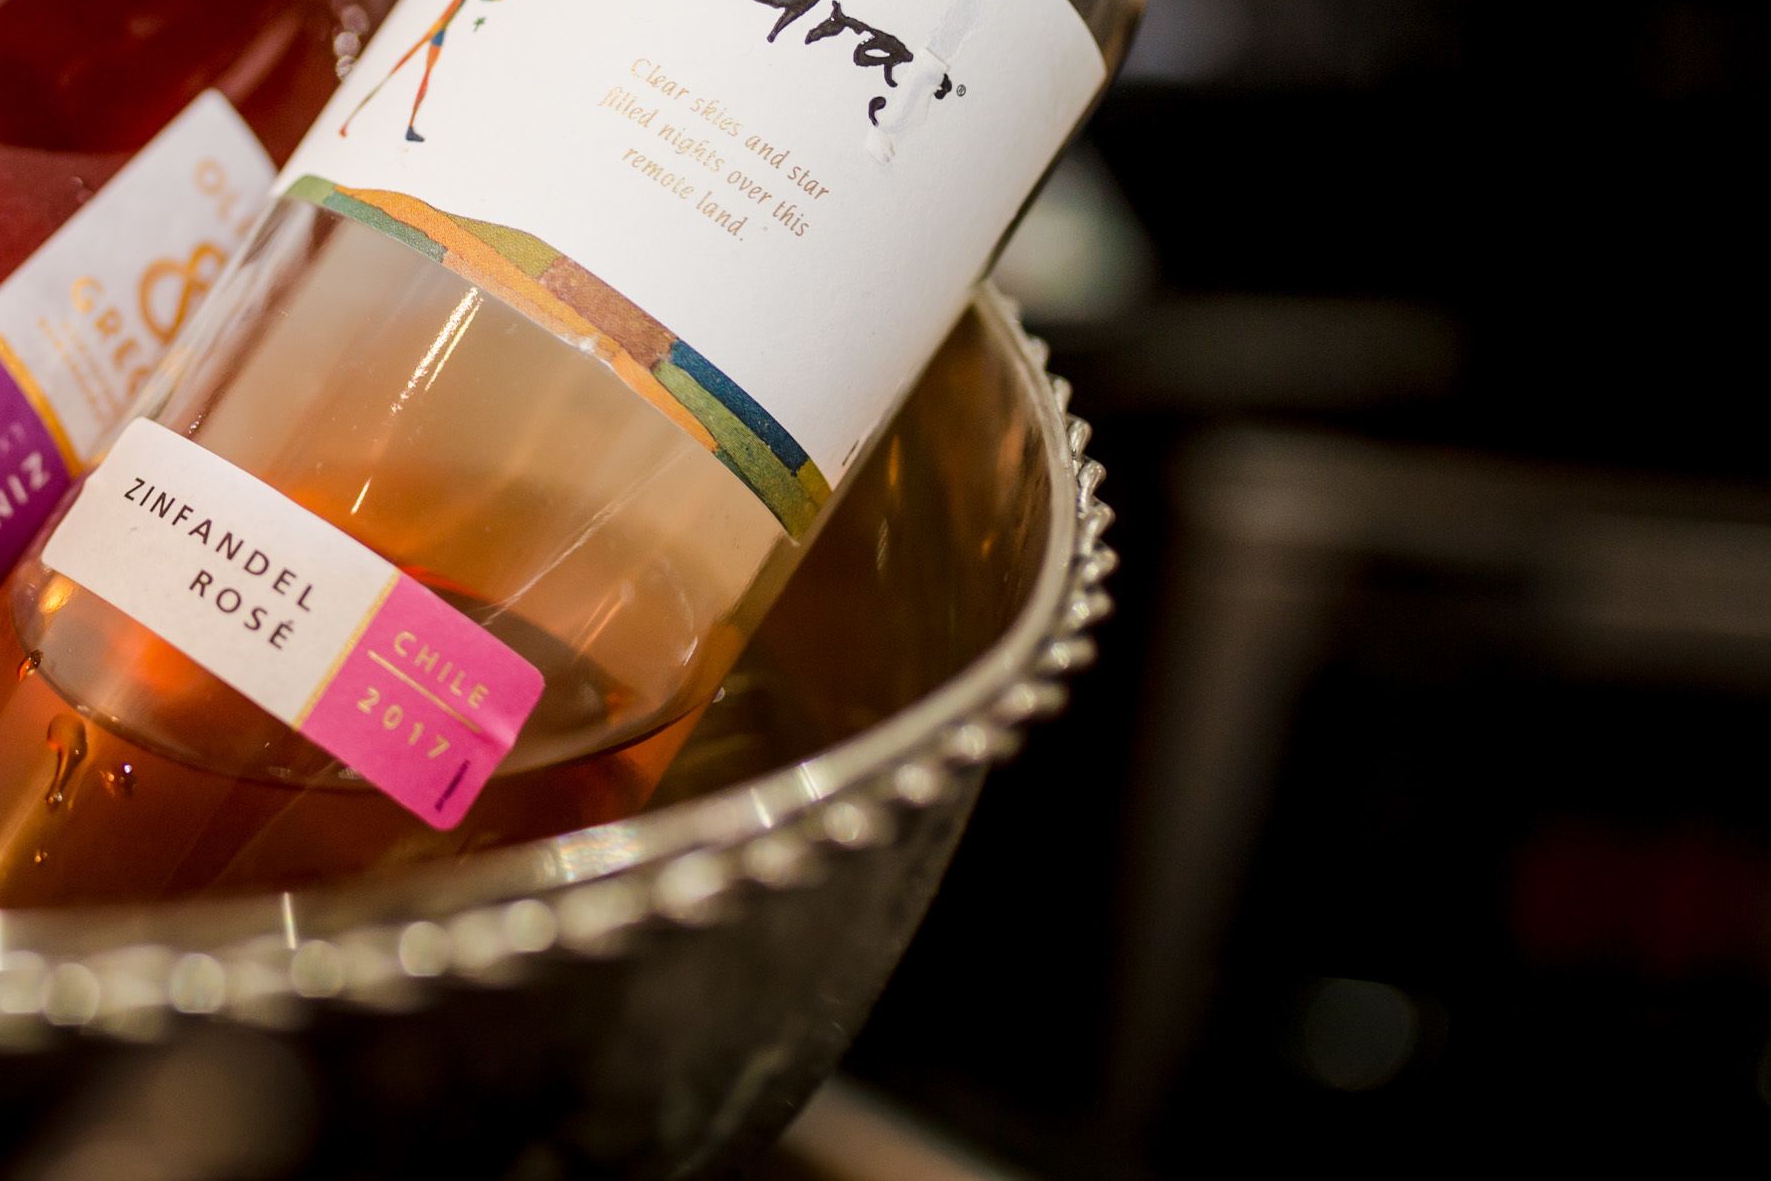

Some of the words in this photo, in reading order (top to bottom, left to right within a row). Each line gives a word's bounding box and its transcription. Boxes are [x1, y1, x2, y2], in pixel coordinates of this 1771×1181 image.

[597, 86, 659, 128] filled
[658, 123, 725, 172] nights
[726, 170, 772, 205] over
[772, 201, 810, 237] this
[631, 58, 690, 100] Clear
[690, 97, 742, 137] skies
[745, 135, 791, 169] and
[787, 166, 830, 200] star
[622, 148, 695, 200] remote
[696, 191, 749, 241] land.
[123, 477, 313, 612] ZINFANDEL
[188, 570, 296, 650] ROSÉ
[393, 630, 490, 709] CHILE
[357, 685, 451, 759] 2017

☆ ☆ ☆ ☆ ☆ ☆ ☆

The problem:
Return every record exactly, minus the pictures.

Answer box:
Some of the words in this photo, in reading order (top to bottom, left to right within a row). Each line gives a word's bounding box and its transcription. Boxes are [x1, y1, x2, y2], in pixel coordinates of this 1771×1181 image.

[597, 86, 659, 128] filled
[658, 123, 725, 172] nights
[726, 170, 772, 205] over
[772, 201, 810, 237] this
[631, 58, 690, 100] Clear
[690, 97, 742, 137] skies
[745, 135, 791, 169] and
[787, 166, 830, 200] star
[622, 148, 695, 200] remote
[696, 191, 749, 241] land.
[123, 477, 313, 612] ZINFANDEL
[188, 570, 296, 650] ROSÉ
[393, 630, 490, 709] CHILE
[357, 685, 451, 759] 2017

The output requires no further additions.